Task prompt:
Send each entry back exactly as given, pictures excluded.
*** Begin section ***
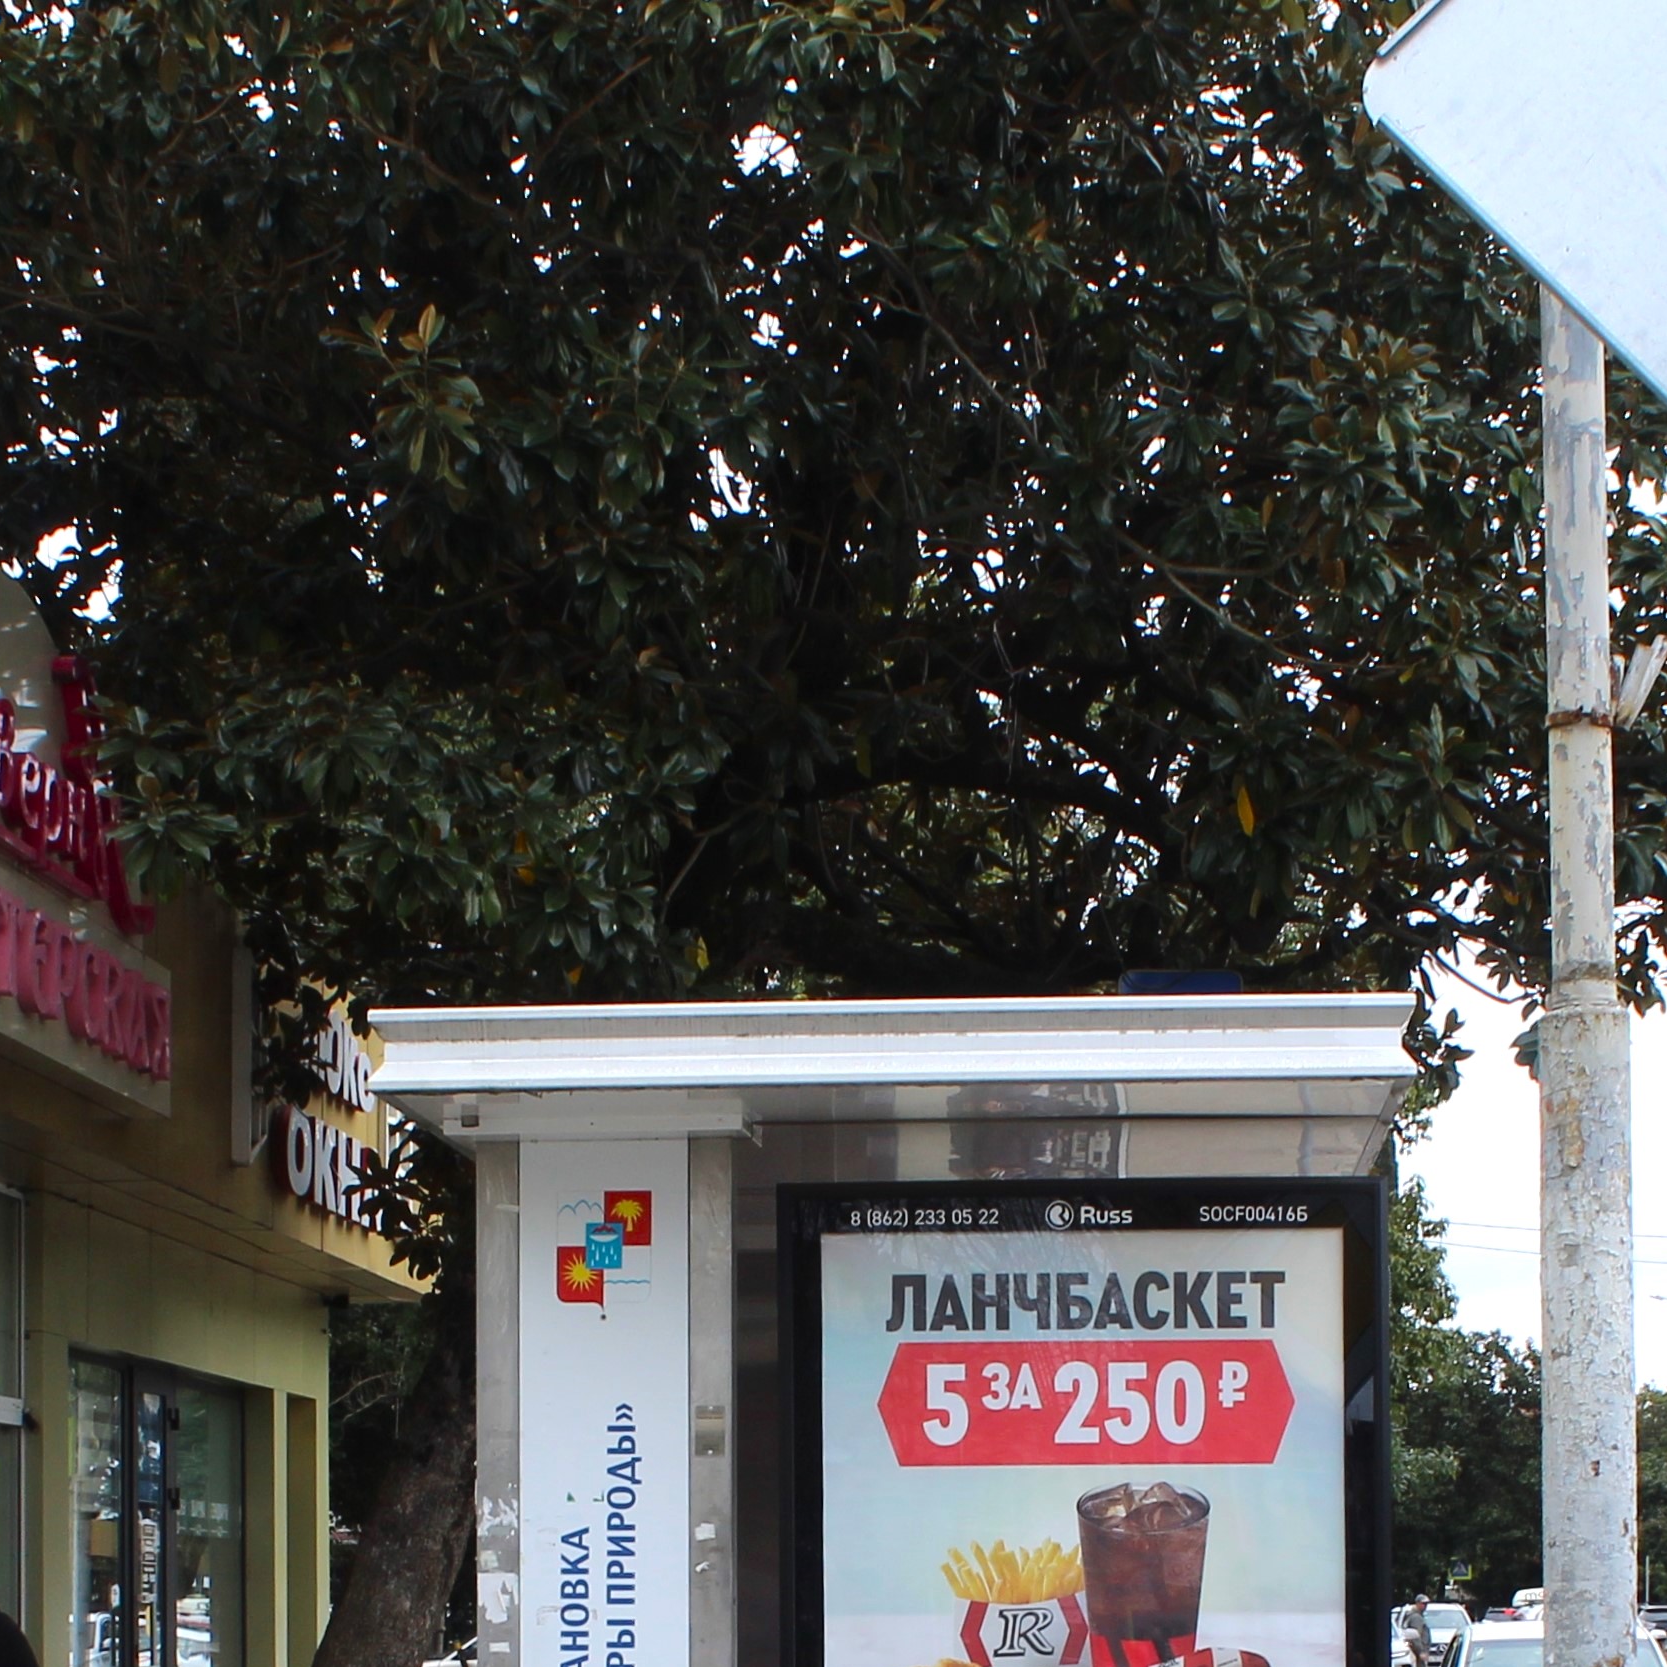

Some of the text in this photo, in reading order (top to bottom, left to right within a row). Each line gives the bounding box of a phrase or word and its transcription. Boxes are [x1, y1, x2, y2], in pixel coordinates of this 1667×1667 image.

[850, 1208, 1000, 1229] 8 (862) 233 05 22
[1079, 1207, 1133, 1225] Russ
[885, 1270, 1285, 1332] ЛАНЧБАСКЕТ
[922, 1363, 970, 1446] 5
[981, 1362, 1042, 1410] ЗА
[1053, 1361, 1206, 1445] 250
[605, 1402, 643, 1605] ПРИРОДЫ»
*** End section ***
Exercise result:
Some of the text in this photo, in reading order (top to bottom, left to right within a row). Each line gives the bounding box of a phrase or word and its transcription. Boxes are [x1, y1, x2, y2], in pixel coordinates of this 1667×1667 image.

[850, 1208, 1000, 1229] 8 (862) 233 05 22
[1079, 1207, 1133, 1225] Russ
[885, 1270, 1285, 1332] ЛАНЧБАСКЕТ
[922, 1363, 970, 1446] 5
[981, 1362, 1042, 1410] ЗА
[1053, 1361, 1206, 1445] 250
[605, 1402, 643, 1605] ПРИРОДЫ»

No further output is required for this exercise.